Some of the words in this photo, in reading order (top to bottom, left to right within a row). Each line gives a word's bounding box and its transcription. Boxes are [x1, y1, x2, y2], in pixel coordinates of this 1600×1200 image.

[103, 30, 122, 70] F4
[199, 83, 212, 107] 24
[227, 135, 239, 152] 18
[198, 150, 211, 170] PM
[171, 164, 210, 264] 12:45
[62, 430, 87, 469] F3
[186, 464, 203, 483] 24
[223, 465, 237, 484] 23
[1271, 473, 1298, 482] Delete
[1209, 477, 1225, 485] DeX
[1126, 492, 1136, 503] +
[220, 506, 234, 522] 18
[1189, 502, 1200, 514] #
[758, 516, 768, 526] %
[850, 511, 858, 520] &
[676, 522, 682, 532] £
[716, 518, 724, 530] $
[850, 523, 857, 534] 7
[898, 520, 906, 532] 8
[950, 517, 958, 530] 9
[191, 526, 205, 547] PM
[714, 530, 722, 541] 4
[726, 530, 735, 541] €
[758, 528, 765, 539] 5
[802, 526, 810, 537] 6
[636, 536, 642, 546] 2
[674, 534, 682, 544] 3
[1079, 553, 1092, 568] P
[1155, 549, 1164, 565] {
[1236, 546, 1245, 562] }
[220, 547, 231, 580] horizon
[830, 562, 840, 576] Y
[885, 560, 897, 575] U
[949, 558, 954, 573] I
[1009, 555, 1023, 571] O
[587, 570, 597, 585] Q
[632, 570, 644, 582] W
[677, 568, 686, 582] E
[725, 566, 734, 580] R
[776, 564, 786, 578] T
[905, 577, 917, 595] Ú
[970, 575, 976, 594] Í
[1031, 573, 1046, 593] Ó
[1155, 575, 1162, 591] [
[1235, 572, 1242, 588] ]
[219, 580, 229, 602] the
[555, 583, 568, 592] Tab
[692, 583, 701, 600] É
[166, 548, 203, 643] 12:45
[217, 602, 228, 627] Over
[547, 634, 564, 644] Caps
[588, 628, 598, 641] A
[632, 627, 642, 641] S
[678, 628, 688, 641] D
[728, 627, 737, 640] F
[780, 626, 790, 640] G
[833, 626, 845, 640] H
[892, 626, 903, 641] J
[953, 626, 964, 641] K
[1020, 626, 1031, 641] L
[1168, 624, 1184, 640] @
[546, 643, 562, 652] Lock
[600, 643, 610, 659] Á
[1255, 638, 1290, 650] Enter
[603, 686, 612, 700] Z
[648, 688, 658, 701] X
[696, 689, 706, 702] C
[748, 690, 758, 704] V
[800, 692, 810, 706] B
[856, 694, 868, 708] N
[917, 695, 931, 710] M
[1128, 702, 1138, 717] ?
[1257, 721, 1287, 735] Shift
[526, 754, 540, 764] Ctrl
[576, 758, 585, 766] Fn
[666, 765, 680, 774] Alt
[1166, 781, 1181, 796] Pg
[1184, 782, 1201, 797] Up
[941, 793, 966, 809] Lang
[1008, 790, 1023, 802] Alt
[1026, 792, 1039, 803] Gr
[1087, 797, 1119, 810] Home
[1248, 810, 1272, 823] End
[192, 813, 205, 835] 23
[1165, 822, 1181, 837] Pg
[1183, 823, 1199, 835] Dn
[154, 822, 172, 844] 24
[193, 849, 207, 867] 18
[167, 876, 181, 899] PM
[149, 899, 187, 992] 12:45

··········

Task to carry out:
Go through the records and copy each one exactly.

Your response:
Some of the words in this photo, in reading order (top to bottom, left to right within a row). Each line gives a word's bounding box and its transcription. Boxes are [x1, y1, x2, y2], in pixel coordinates of this 1600×1200 image.

[103, 30, 122, 70] F4
[199, 83, 212, 107] 24
[227, 135, 239, 152] 18
[198, 150, 211, 170] PM
[171, 164, 210, 264] 12:45
[62, 430, 87, 469] F3
[186, 464, 203, 483] 24
[223, 465, 237, 484] 23
[1271, 473, 1298, 482] Delete
[1209, 477, 1225, 485] DeX
[1126, 492, 1136, 503] +
[220, 506, 234, 522] 18
[1189, 502, 1200, 514] #
[758, 516, 768, 526] %
[850, 511, 858, 520] &
[676, 522, 682, 532] £
[716, 518, 724, 530] $
[850, 523, 857, 534] 7
[898, 520, 906, 532] 8
[950, 517, 958, 530] 9
[191, 526, 205, 547] PM
[714, 530, 722, 541] 4
[726, 530, 735, 541] €
[758, 528, 765, 539] 5
[802, 526, 810, 537] 6
[636, 536, 642, 546] 2
[674, 534, 682, 544] 3
[1079, 553, 1092, 568] P
[1155, 549, 1164, 565] {
[1236, 546, 1245, 562] }
[220, 547, 231, 580] horizon
[830, 562, 840, 576] Y
[885, 560, 897, 575] U
[949, 558, 954, 573] I
[1009, 555, 1023, 571] O
[587, 570, 597, 585] Q
[632, 570, 644, 582] W
[677, 568, 686, 582] E
[725, 566, 734, 580] R
[776, 564, 786, 578] T
[905, 577, 917, 595] Ú
[970, 575, 976, 594] Í
[1031, 573, 1046, 593] Ó
[1155, 575, 1162, 591] [
[1235, 572, 1242, 588] ]
[219, 580, 229, 602] the
[555, 583, 568, 592] Tab
[692, 583, 701, 600] É
[166, 548, 203, 643] 12:45
[217, 602, 228, 627] Over
[547, 634, 564, 644] Caps
[588, 628, 598, 641] A
[632, 627, 642, 641] S
[678, 628, 688, 641] D
[728, 627, 737, 640] F
[780, 626, 790, 640] G
[833, 626, 845, 640] H
[892, 626, 903, 641] J
[953, 626, 964, 641] K
[1020, 626, 1031, 641] L
[1168, 624, 1184, 640] @
[546, 643, 562, 652] Lock
[600, 643, 610, 659] Á
[1255, 638, 1290, 650] Enter
[603, 686, 612, 700] Z
[648, 688, 658, 701] X
[696, 689, 706, 702] C
[748, 690, 758, 704] V
[800, 692, 810, 706] B
[856, 694, 868, 708] N
[917, 695, 931, 710] M
[1128, 702, 1138, 717] ?
[1257, 721, 1287, 735] Shift
[526, 754, 540, 764] Ctrl
[576, 758, 585, 766] Fn
[666, 765, 680, 774] Alt
[1166, 781, 1181, 796] Pg
[1184, 782, 1201, 797] Up
[941, 793, 966, 809] Lang
[1008, 790, 1023, 802] Alt
[1026, 792, 1039, 803] Gr
[1087, 797, 1119, 810] Home
[1248, 810, 1272, 823] End
[192, 813, 205, 835] 23
[1165, 822, 1181, 837] Pg
[1183, 823, 1199, 835] Dn
[154, 822, 172, 844] 24
[193, 849, 207, 867] 18
[167, 876, 181, 899] PM
[149, 899, 187, 992] 12:45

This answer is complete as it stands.